Even with its flawed approach, IGEES suggests a directly-built local authority house will cost €230,000, while one built by the private sector and ready to have a family move in comes in at a cost €258,000. On the assumption that the €230,000 cost includes VAT - which is not clear- the difference of €28,000 includes the costs of land and finance for the developer. As the State excluded more complex projects, it may well be that if they were included there would be no cost differential at all or that the private sector could deliver homes more cost effectively.

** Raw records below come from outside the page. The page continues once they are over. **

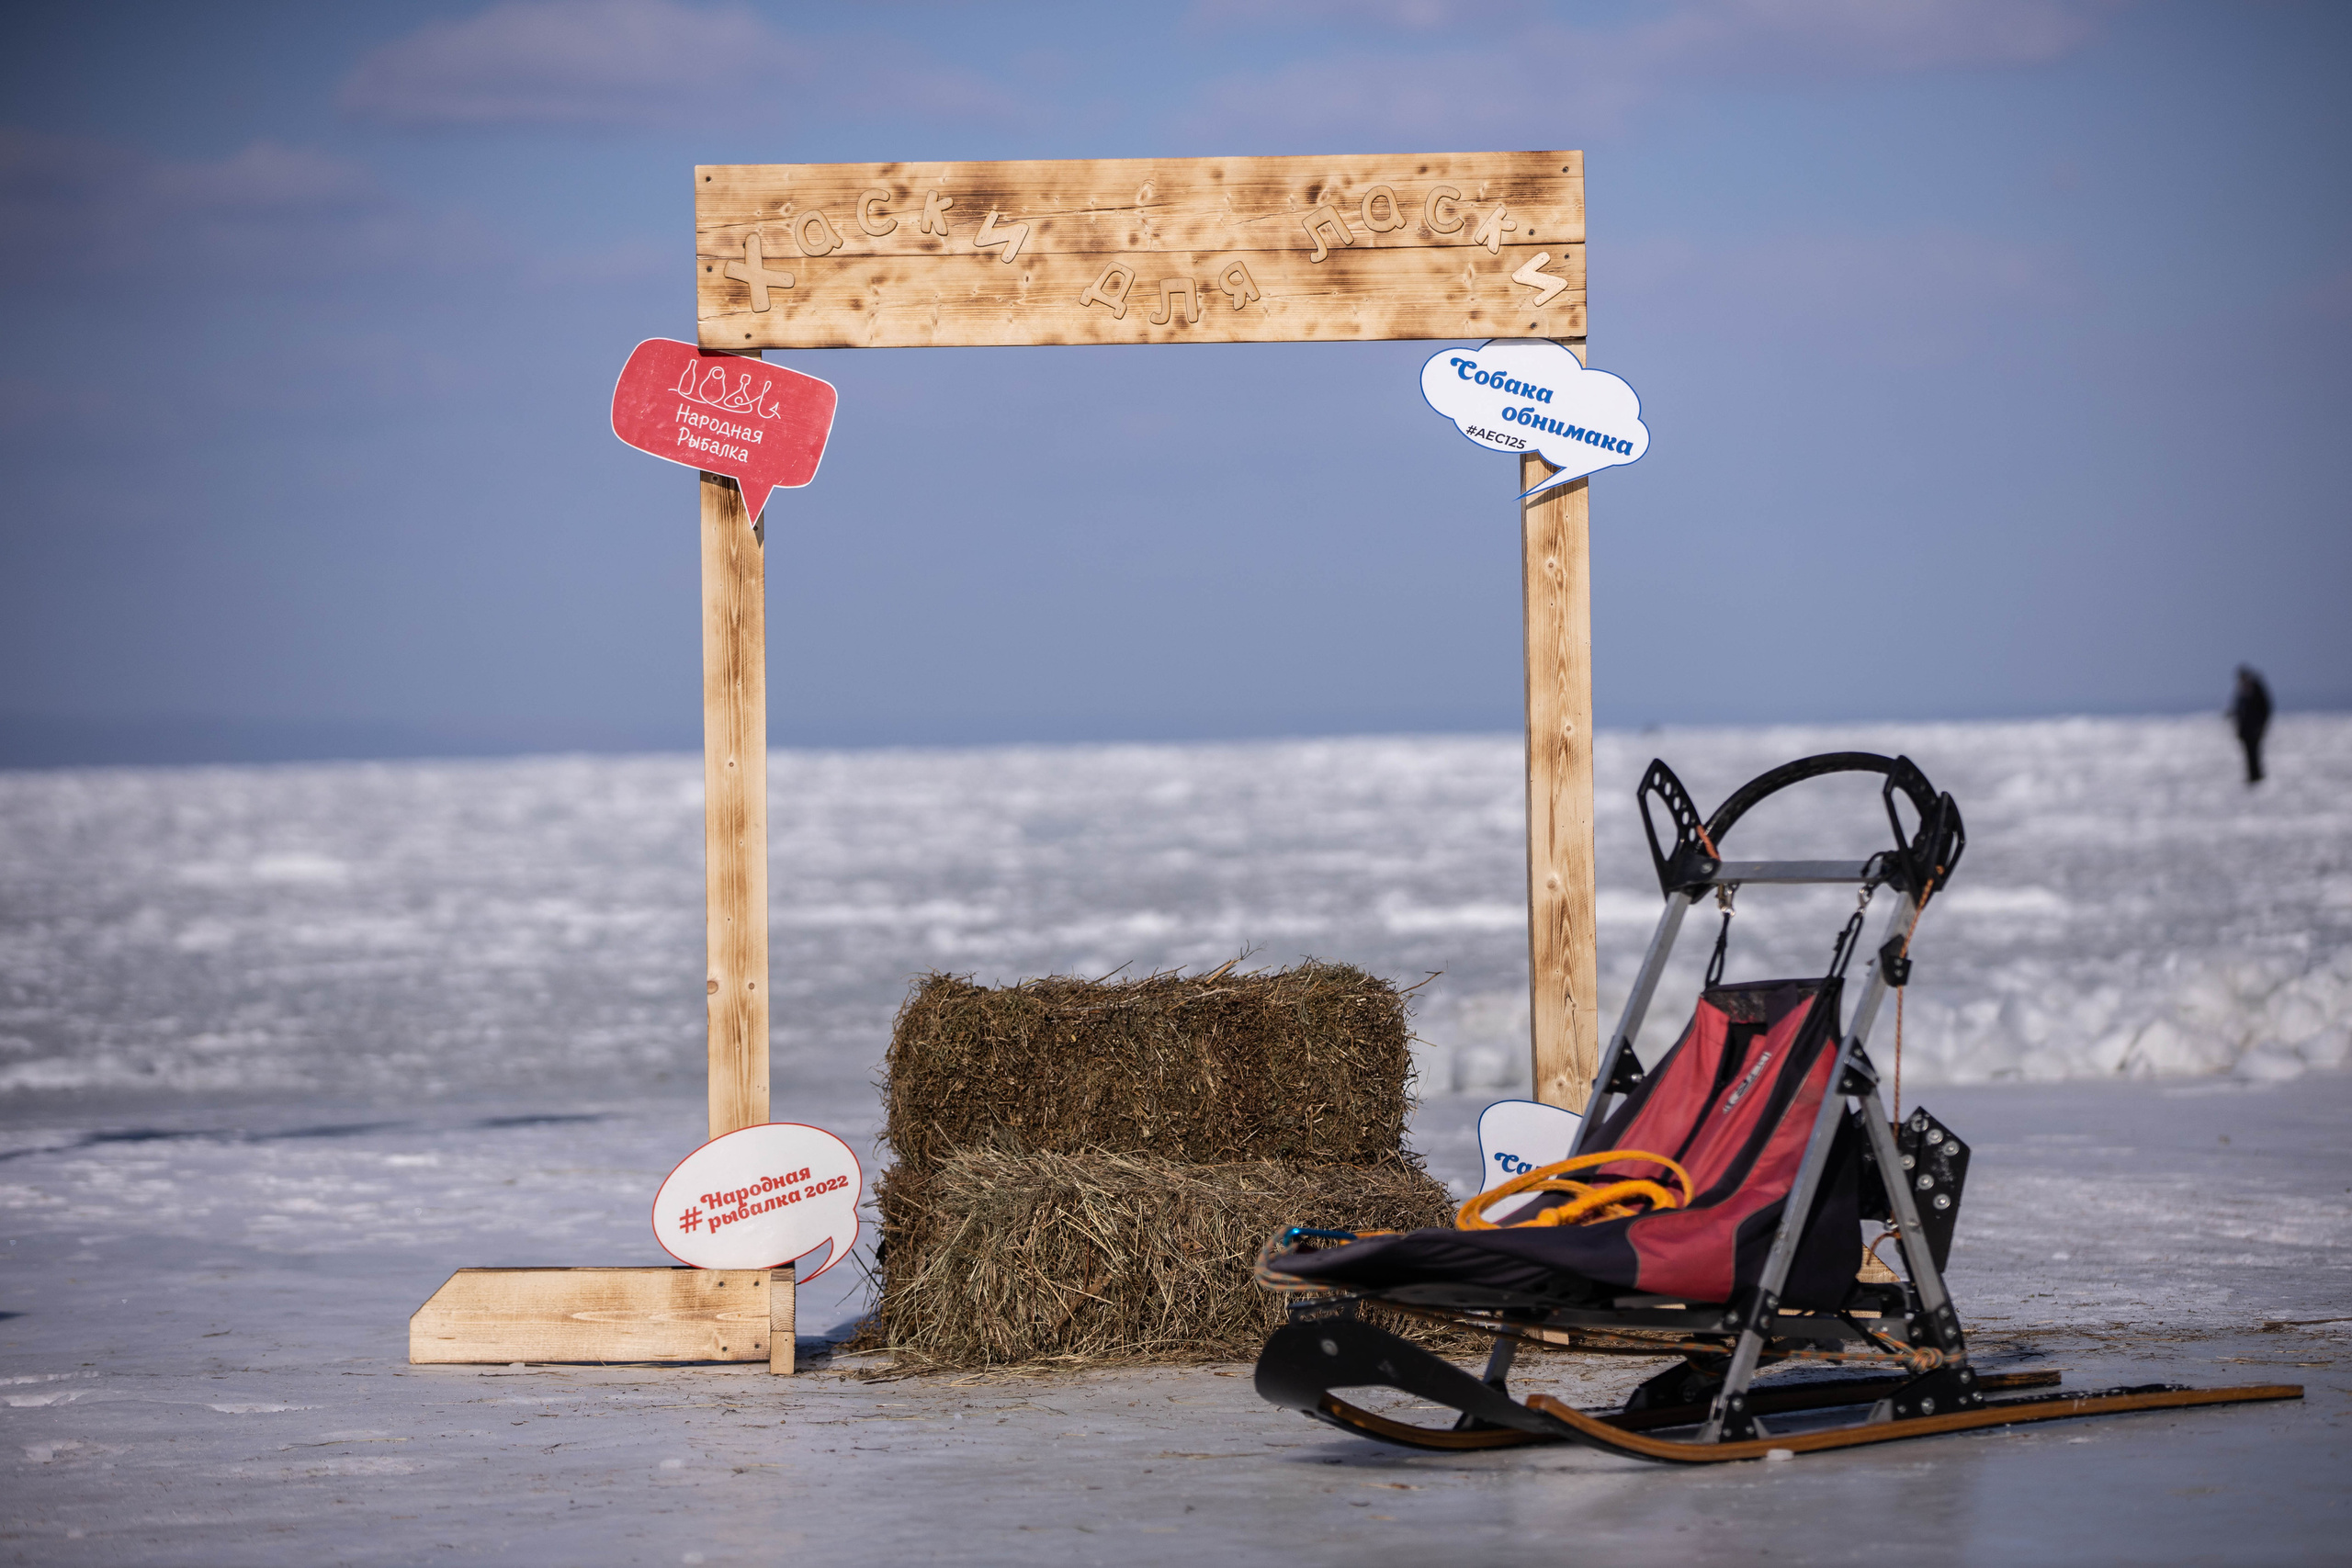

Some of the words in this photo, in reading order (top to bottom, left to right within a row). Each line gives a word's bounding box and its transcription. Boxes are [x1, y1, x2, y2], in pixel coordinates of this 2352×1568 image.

[724, 189, 1029, 312] Хаски
[1080, 261, 1261, 324] для
[1302, 186, 1569, 307] ласки
[1450, 356, 1554, 403] Собака
[675, 403, 763, 444] Народная
[677, 426, 749, 463] Рыбалка
[1501, 406, 1634, 456] обнимака
[707, 1188, 802, 1235] рыбалка
[804, 1175, 849, 1199] 2022

No wonder the analysis comes with the caveat that “the views presented in this paper do not represent the official views of the Department or Minister for Public Expenditure & Reform”.
‘Just not on’
No wonder, either, that Brendan Kenny, Dublin City Council's Head of Housing went on Newstalk radio last month "to dispel the notion that Dublin City Council, and local authorities, can build cheaper than other ways", saying that "the idea that direct build by the local authority is cheaper, it's just not on". And that the suggestion of it being cheaper for a local authority to build "is just not true".

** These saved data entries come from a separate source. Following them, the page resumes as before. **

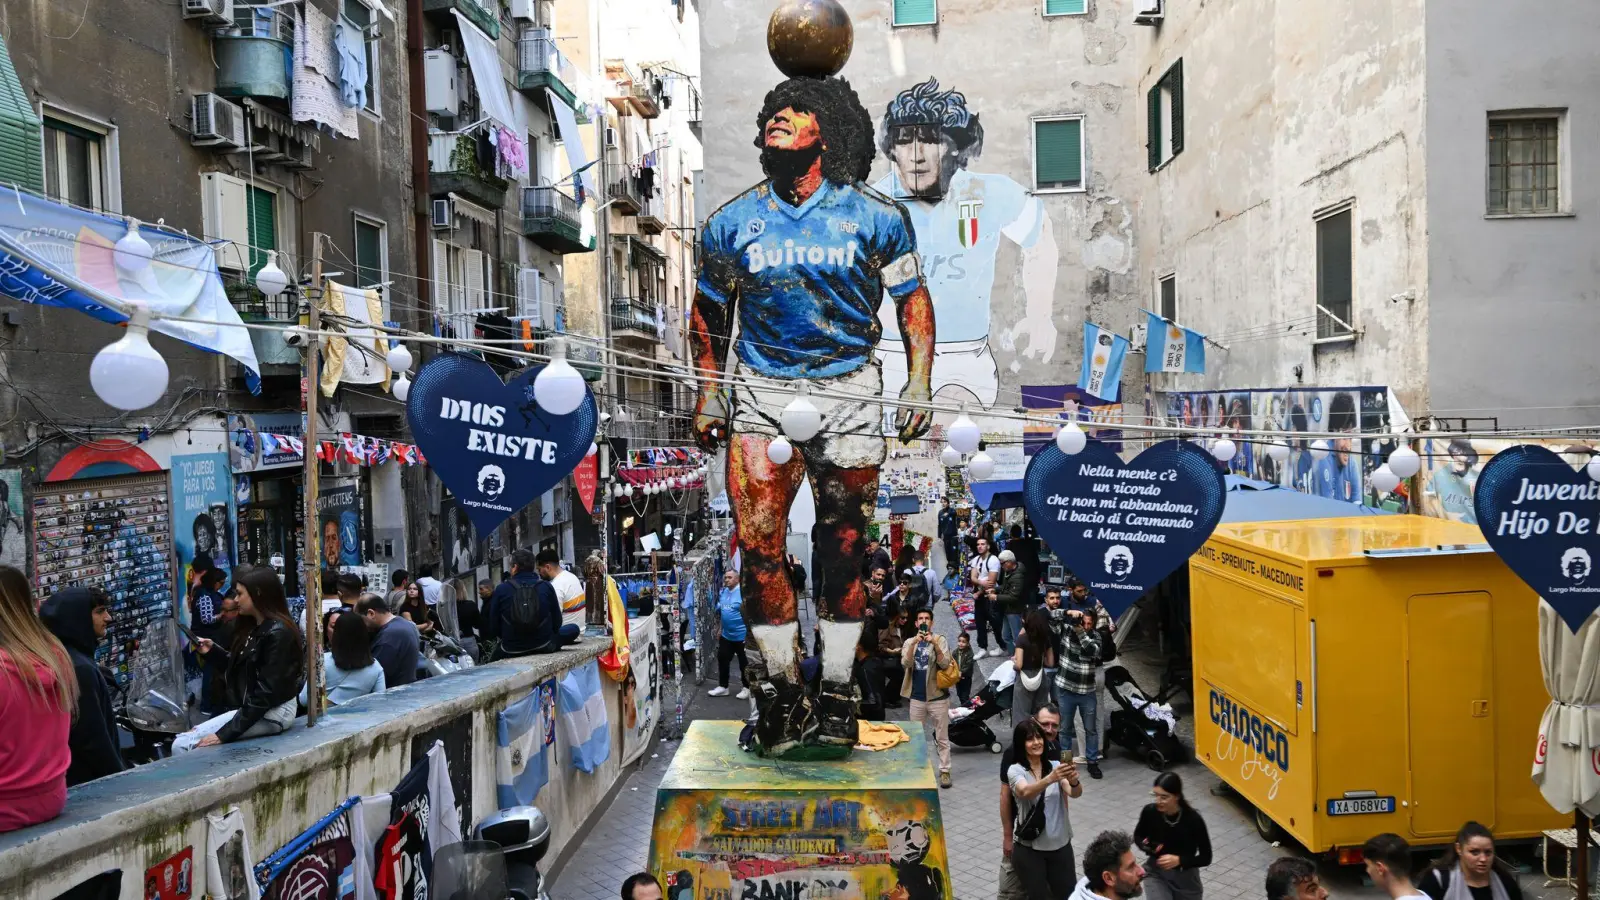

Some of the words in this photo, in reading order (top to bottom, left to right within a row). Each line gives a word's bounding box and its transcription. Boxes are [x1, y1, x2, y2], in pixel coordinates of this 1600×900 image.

[467, 429, 557, 464] EXISTE
[193, 460, 214, 475] JUEGO
[1079, 464, 1114, 478] Nella
[1117, 468, 1157, 480] mente
[1159, 468, 1177, 482] c'è
[184, 478, 200, 493] PARA
[1093, 483, 1110, 493] un
[1113, 483, 1161, 496] ricordo
[327, 491, 353, 508] MERTENS
[463, 498, 481, 508] Largo
[482, 502, 512, 512] Maradona
[1047, 495, 1069, 506] che
[1072, 497, 1097, 508] non
[1099, 497, 1117, 509] mi
[1058, 509, 1067, 521] Il
[1070, 511, 1104, 524] bacio
[1107, 513, 1120, 525] di
[1125, 513, 1194, 529] Carmando
[1497, 510, 1550, 540] Hijo
[1556, 511, 1591, 535] De
[1083, 530, 1092, 539] a
[1097, 528, 1166, 544] Maradona
[1221, 552, 1255, 575] SPREMUTE
[1260, 564, 1304, 592] MACEDONIE
[1091, 582, 1110, 591] Largo
[1111, 583, 1143, 592] Maradona
[1549, 586, 1569, 594] Largo
[1241, 729, 1282, 801] Diez
[722, 801, 806, 829] STREET
[813, 799, 863, 829] ART
[1337, 801, 1349, 813] XA
[1353, 799, 1387, 812] 068VC
[713, 837, 772, 853] SALVADOR
[775, 837, 836, 854] GAUDENTI

More recently, Kieron Brennan, chief executive of Co-operative Housing Ireland CHI) is reported in this paper as saying that the acquisition of so-called turn-key properties bought directly from private developers for social housing tenants is key to solving the State's housing crisis, adding that there was no way the Government's 50,000 target could be met without the acquisition of turn-key housing and that the public versus private argument was misplaced.
On December 1st, the Minister for Housing Daragh O'Brien provided some additional insights in an answer to Richard Bruton in the Dáil. It noted that in Dublin City and Fingal, since January 2019, the cost of a direct build has been €382,000, while the cost of a "turnkey" has been €373,000.

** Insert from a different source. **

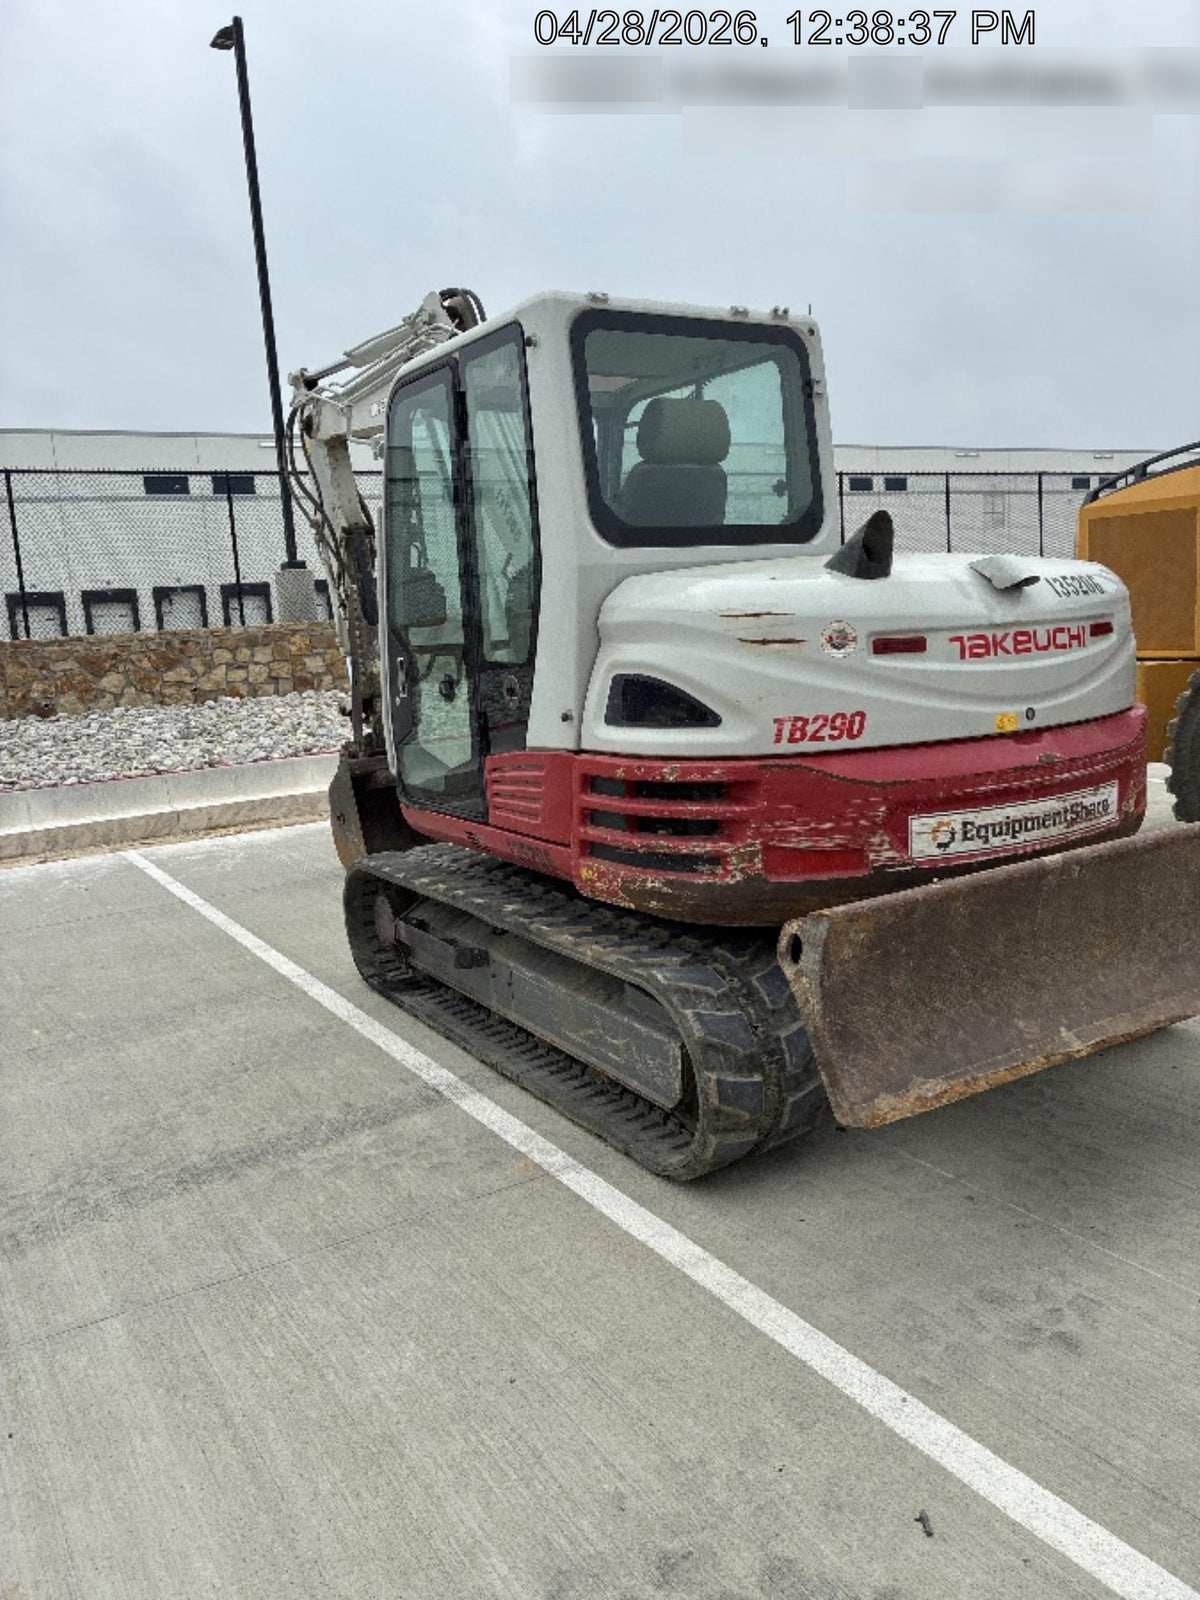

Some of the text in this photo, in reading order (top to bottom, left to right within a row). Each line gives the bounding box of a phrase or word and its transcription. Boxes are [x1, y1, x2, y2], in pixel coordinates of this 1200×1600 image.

[1043, 574, 1105, 598] 135206
[948, 625, 1086, 660] TAKEUCHI
[773, 710, 867, 745] TB290
[961, 796, 1110, 845] EquipmentShare

What we need is a strong and expanded State-backed direct build programme to complement private sector delivery
It seems that some of those who opine on the state of the housing market will clutch at straws to prove that the State can deliver housing much more cheaply than the private sector, with the secondary argument that the price of land is the root of all problems being often deployed to buttress their case.
Neither of these assertions is true. All such arguments do is distract from the real answers, leading to the cancellation of plans to deliver homes at Oscar Traynor Road and elsewhere.
Given the seriousness of the housing crisis, we need to forego ideology and promote realistic solutions that will drive delivery. What we need is a strong and expanded State-backed direct build programme to complement private sector delivery, given that the evidence emerging and supported by data, points to the private sector as a cost efficient and significant partner for the State in realising their ambitious social and affordable housing objectives.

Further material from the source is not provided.